The Nik Nik I knew understood it was important to view your enemy as a whole person. Think of a traitor as a father and a husband too. He didn’t mean grant mercy. He meant when you kill him, know him well enough to know who might seek revenge. If Adam had studied Jean better, he would have known I’d end up in his bedroom, puzzling out the problem of his existence.
This is how I would kill him. In the place where he sleeps. According to Adam Bosch’s walls, there is no one who would seek revenge. Just like there will be no one to get revenge if—when—he has me killed.
Only Mr. Cheeks texting me that I’m running low on time reminds me that I can’t do what I want. I can’t wait here until he enters and turn him to bloody pulp the way he did Jean. Because that would start a war, and even though those hypothetical deaths feel distant and unimportant against the loss of my only friend, they wouldn’t be.

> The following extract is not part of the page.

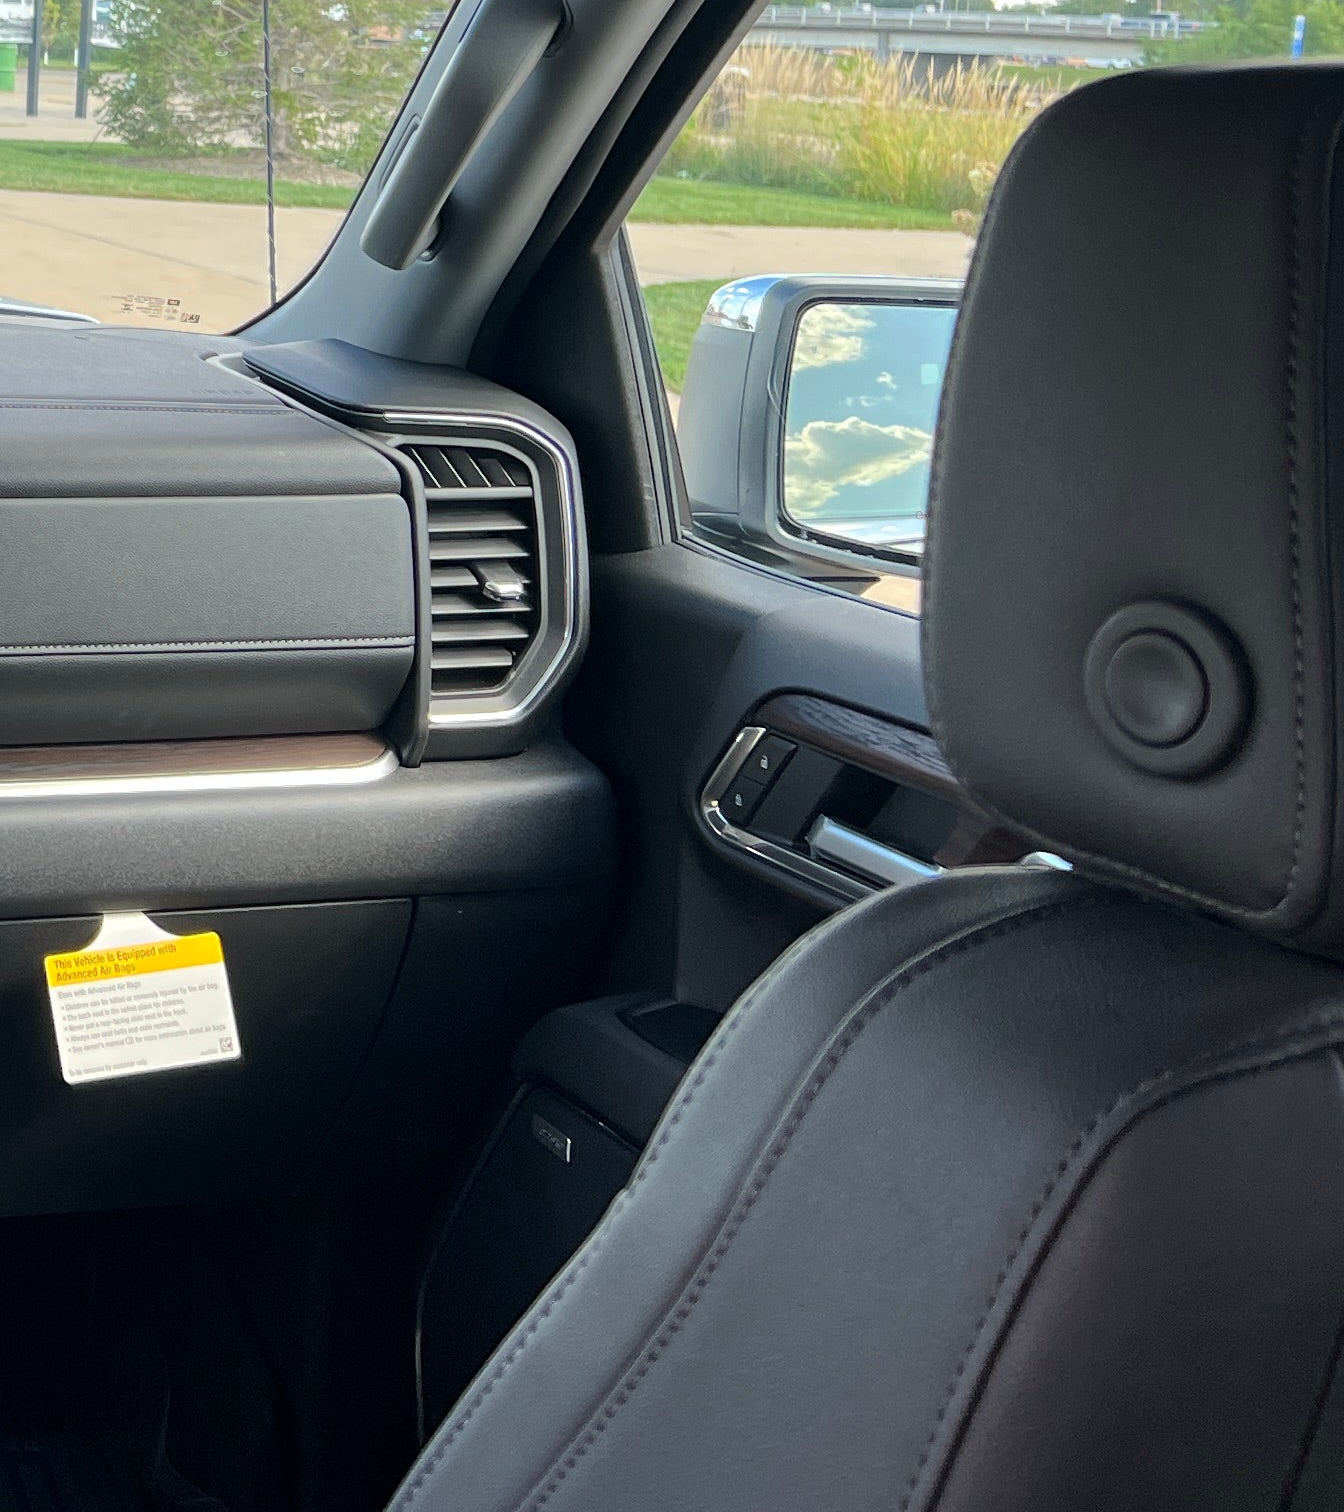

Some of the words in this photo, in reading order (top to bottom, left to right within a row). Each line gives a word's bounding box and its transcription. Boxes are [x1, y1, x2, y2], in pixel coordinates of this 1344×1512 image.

If we can’t get rid of Adam, he’ll just rebuild the hatch. The next one will be bigger and more protected and in a few years’ time Jean’s death will be a blip on the otherwise uninterrupted pattern of Adam’s greed. Only I’ll be gone, and there might not be anyone else who cares. I can’t let that happen.
When Mr. Cheeks sends me another, more irritated message, I’m in Adam Bosch’s oversized bathroom. I rush out into the hall and hear a gasp. I turn slowly, but I already know. I always feel it when she looks at me.
Dell is standing at the other end of the hall. She’s never looked more beautiful, and we’ve never looked more impossible. She’s wearing an evening gown, a sea of black crystals interrupted only by the bright V of her skin from collar to belly button. Her eyes are wide with horror, and a glass of Champagne hangs from gloved hands.
We’re both wearing gloves. We’re both wearing black. There our common ground ends. Seeing her like this is like seeing a star from the mud. I can’t say this is a misunderstanding, that this isn’t who I am. I can’t lie the way I’ve been lying to myself for years.
I can tell from the hurt just beneath the shock that she recognizes me behind the bandanna. I’m not surprised. We’ve spent so many years together now, she could recognize me in the dark just like I recognized her scarred and covered in ash.
Before I can speak, before I can step toward her, Mr. Cheeks comes from the other side. He grabs me by the arm and drags me away. I look over my shoulder, but with the runner’s appearance her eyes have turned cold.
Nik Nik and the others are at the edge of the property. I take a second to empty my pockets and throw their contents and my gloves in a nearby incinerator.